Task to carry out: Print the data verbatim. Leave every image out.

(Dataset excerpts)
====

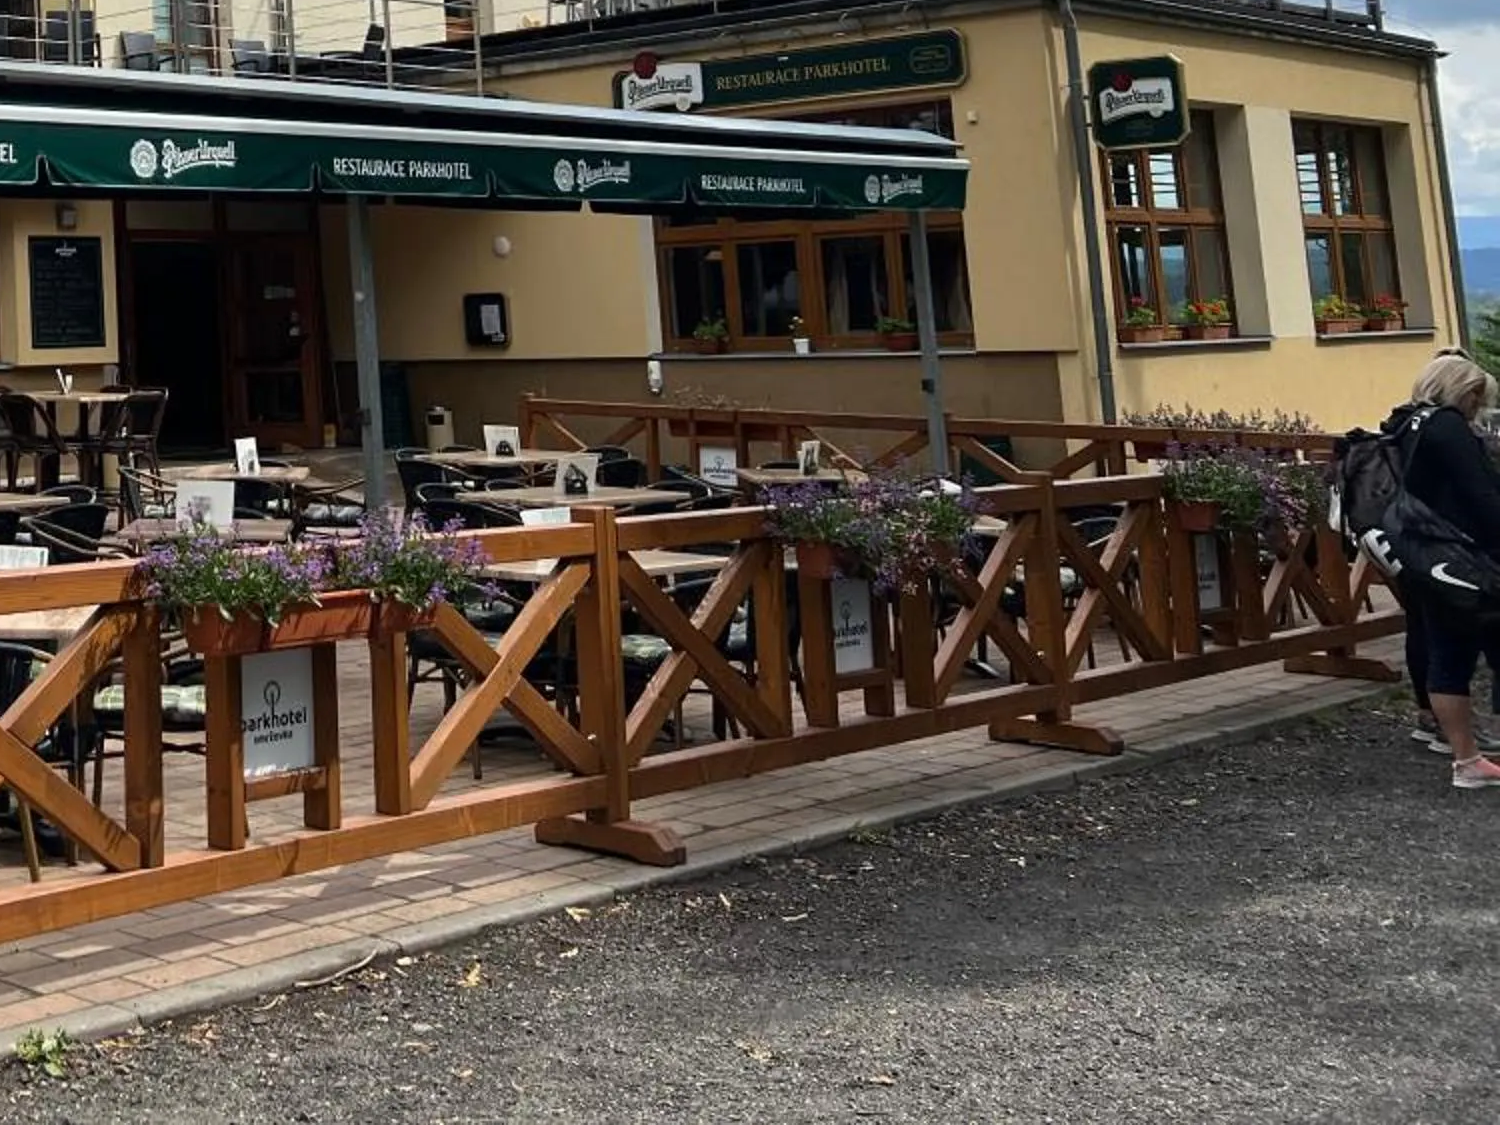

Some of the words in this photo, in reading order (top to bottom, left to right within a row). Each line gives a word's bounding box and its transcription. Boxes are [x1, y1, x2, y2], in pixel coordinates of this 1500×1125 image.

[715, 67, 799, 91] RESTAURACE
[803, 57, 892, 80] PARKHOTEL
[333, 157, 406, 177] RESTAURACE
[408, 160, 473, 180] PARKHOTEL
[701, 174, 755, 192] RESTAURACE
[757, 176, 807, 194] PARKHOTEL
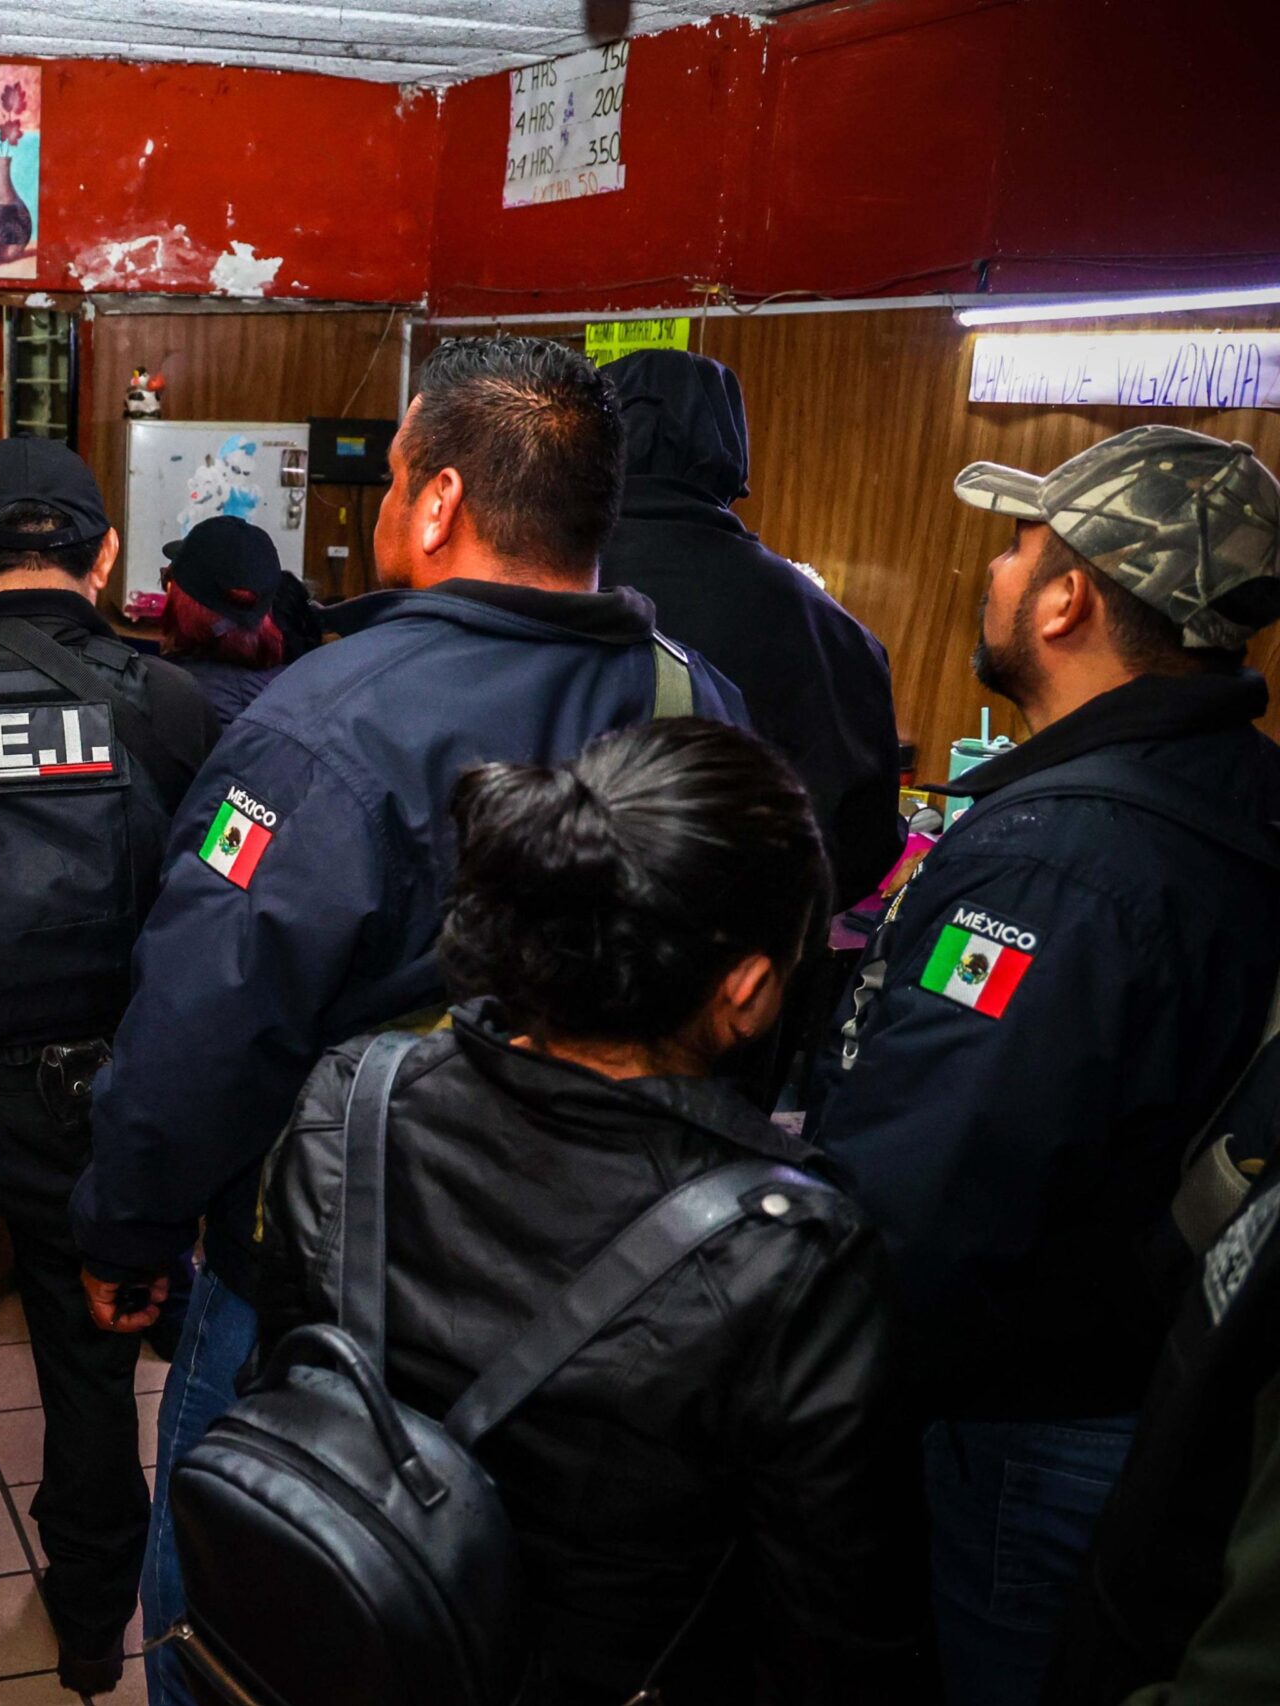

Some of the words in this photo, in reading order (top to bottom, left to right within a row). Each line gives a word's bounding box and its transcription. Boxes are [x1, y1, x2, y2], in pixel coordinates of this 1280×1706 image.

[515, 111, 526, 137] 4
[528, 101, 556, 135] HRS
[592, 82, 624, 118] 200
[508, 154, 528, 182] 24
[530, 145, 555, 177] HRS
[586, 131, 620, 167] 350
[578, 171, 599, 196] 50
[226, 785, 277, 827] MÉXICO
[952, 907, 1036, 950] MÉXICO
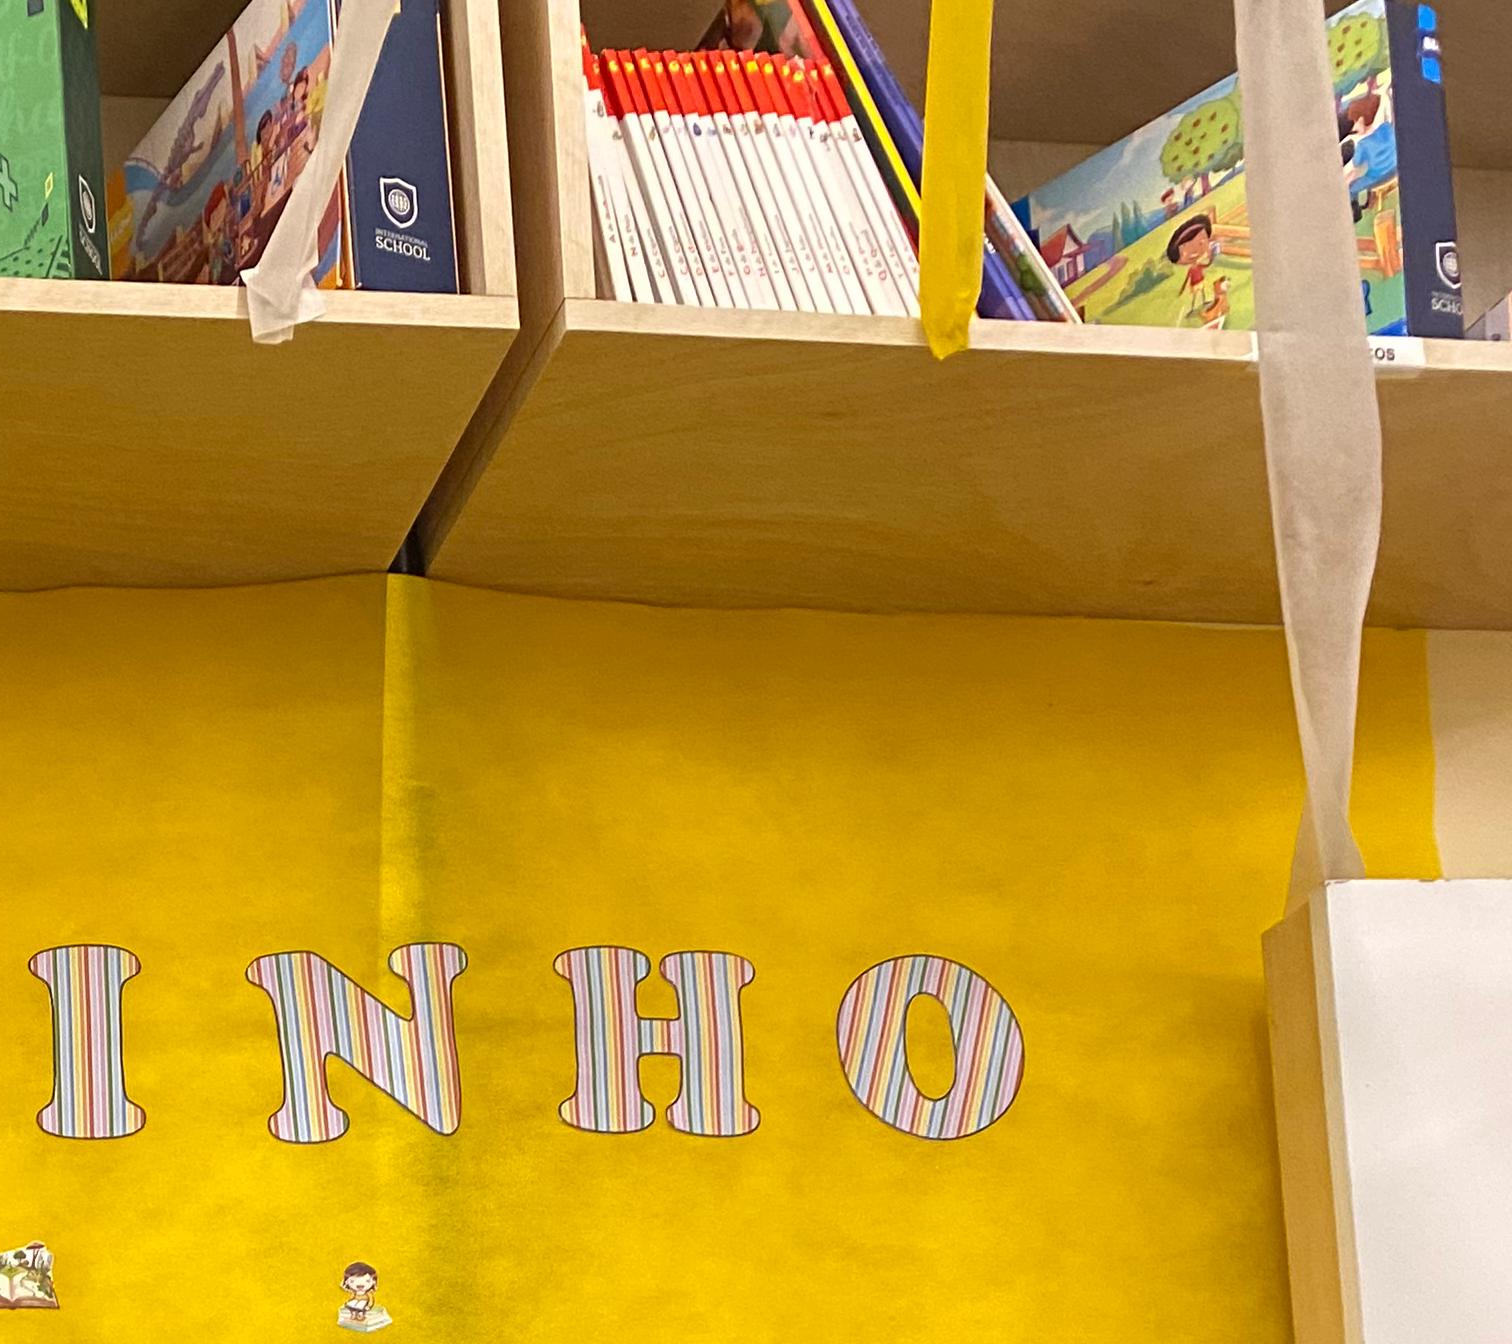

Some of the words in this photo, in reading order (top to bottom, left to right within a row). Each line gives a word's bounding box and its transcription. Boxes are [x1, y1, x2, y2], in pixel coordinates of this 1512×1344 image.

====

Solution:
Some of the words in this photo, in reading order (top to bottom, left to right within a row). Each line gives a word's bounding box and its transcription. Boxes are [x1, y1, x2, y2], in pixel coordinates of this 1500×1125 image.

[715, 67, 799, 91] RESTAURACE
[803, 57, 892, 80] PARKHOTEL
[333, 157, 406, 177] RESTAURACE
[408, 160, 473, 180] PARKHOTEL
[701, 174, 755, 192] RESTAURACE
[757, 176, 807, 194] PARKHOTEL

Some of the words in this photo, in reading order (top to bottom, left to right within a row). Each line gives a word's bounding box and its transcription. Boxes are [x1, y1, x2, y2], in pixel coordinates of this 1280×1706 image.

[515, 111, 526, 137] 4
[528, 101, 556, 135] HRS
[592, 82, 624, 118] 200
[508, 154, 528, 182] 24
[530, 145, 555, 177] HRS
[586, 131, 620, 167] 350
[578, 171, 599, 196] 50
[226, 785, 277, 827] MÉXICO
[952, 907, 1036, 950] MÉXICO

Some of the words in this photo, in reading order (top to bottom, left to right within a row). Each line gives a word's bounding box and its transcription. Boxes are [x1, y1, x2, y2], in pixel coordinates of this 1512×1344 image.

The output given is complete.